_PROBLEM TO WORK ON_
When you restate the entries that follow, keep every word exactly and drop the pictures.

_GIVEN RECORDS_
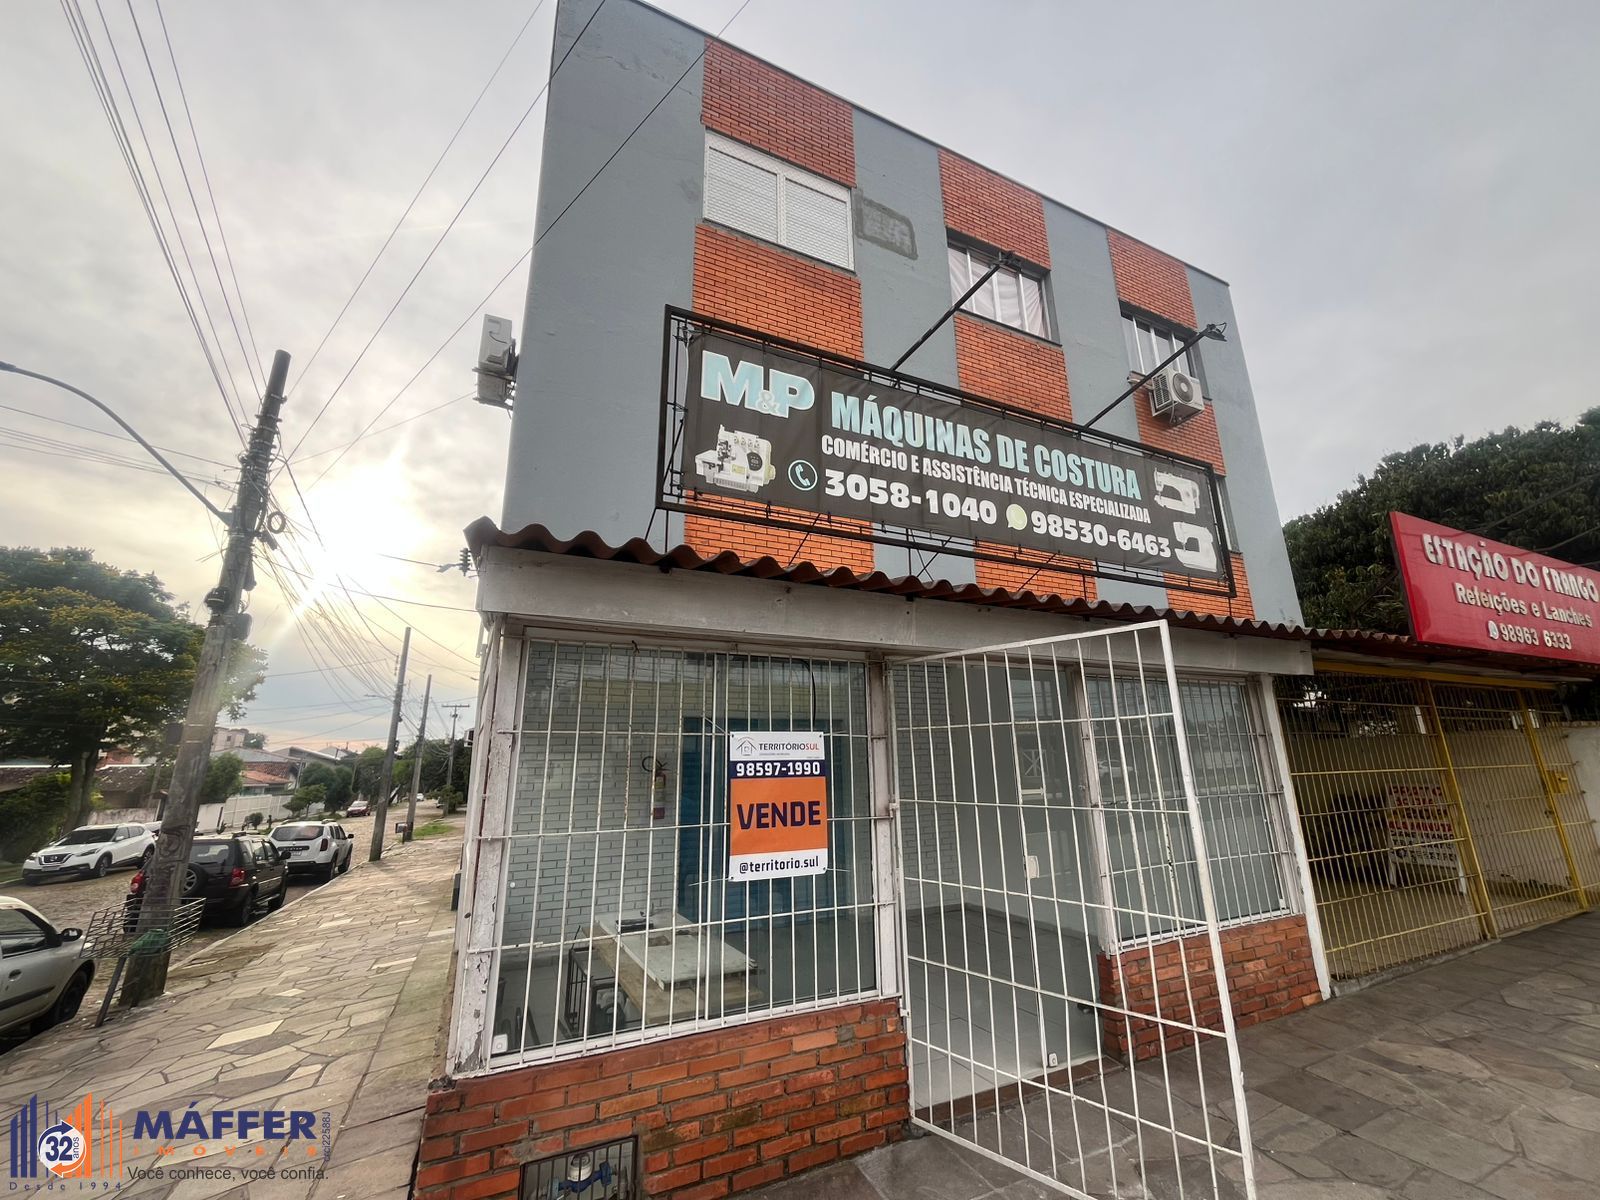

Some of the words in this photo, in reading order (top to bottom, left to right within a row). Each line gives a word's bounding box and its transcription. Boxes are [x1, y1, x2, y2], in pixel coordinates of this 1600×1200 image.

[700, 349, 815, 418] M&P
[831, 391, 992, 464] MÁQUINAS
[996, 433, 1030, 473] DE
[1034, 444, 1142, 500] COSTURA
[821, 434, 908, 471] COMÉRCIO
[911, 454, 921, 474] E
[922, 457, 1013, 494] ASSISTÊNCIA
[1014, 476, 1067, 506] TÉCNICA
[1069, 490, 1151, 523] ESPECIALIZADA
[825, 468, 998, 525] 3058-1040
[1030, 510, 1171, 558] 98530-6463
[1422, 533, 1509, 581] ESTAÇÃO
[1509, 556, 1540, 588] DO
[1541, 565, 1600, 602] FRANGO
[1454, 582, 1527, 615] Refeições
[1531, 602, 1541, 617] e
[1542, 601, 1593, 628] Lanches
[1500, 622, 1539, 646] 98963
[1543, 630, 1572, 650] 6333
[736, 761, 821, 777] 98597-1990
[736, 800, 822, 829] VENDE
[739, 856, 820, 874] @territorio.sul

_RESPONSE TO THE EXERCISE_
Some of the words in this photo, in reading order (top to bottom, left to right within a row). Each line gives a word's bounding box and its transcription. Boxes are [x1, y1, x2, y2], in pixel coordinates of this 1600×1200 image.

[700, 349, 815, 418] M&P
[831, 391, 992, 464] MÁQUINAS
[996, 433, 1030, 473] DE
[1034, 444, 1142, 500] COSTURA
[821, 434, 908, 471] COMÉRCIO
[911, 454, 921, 474] E
[922, 457, 1013, 494] ASSISTÊNCIA
[1014, 476, 1067, 506] TÉCNICA
[1069, 490, 1151, 523] ESPECIALIZADA
[825, 468, 998, 525] 3058-1040
[1030, 510, 1171, 558] 98530-6463
[1422, 533, 1509, 581] ESTAÇÃO
[1509, 556, 1540, 588] DO
[1541, 565, 1600, 602] FRANGO
[1454, 582, 1527, 615] Refeições
[1531, 602, 1541, 617] e
[1542, 601, 1593, 628] Lanches
[1500, 622, 1539, 646] 98963
[1543, 630, 1572, 650] 6333
[736, 761, 821, 777] 98597-1990
[736, 800, 822, 829] VENDE
[739, 856, 820, 874] @territorio.sul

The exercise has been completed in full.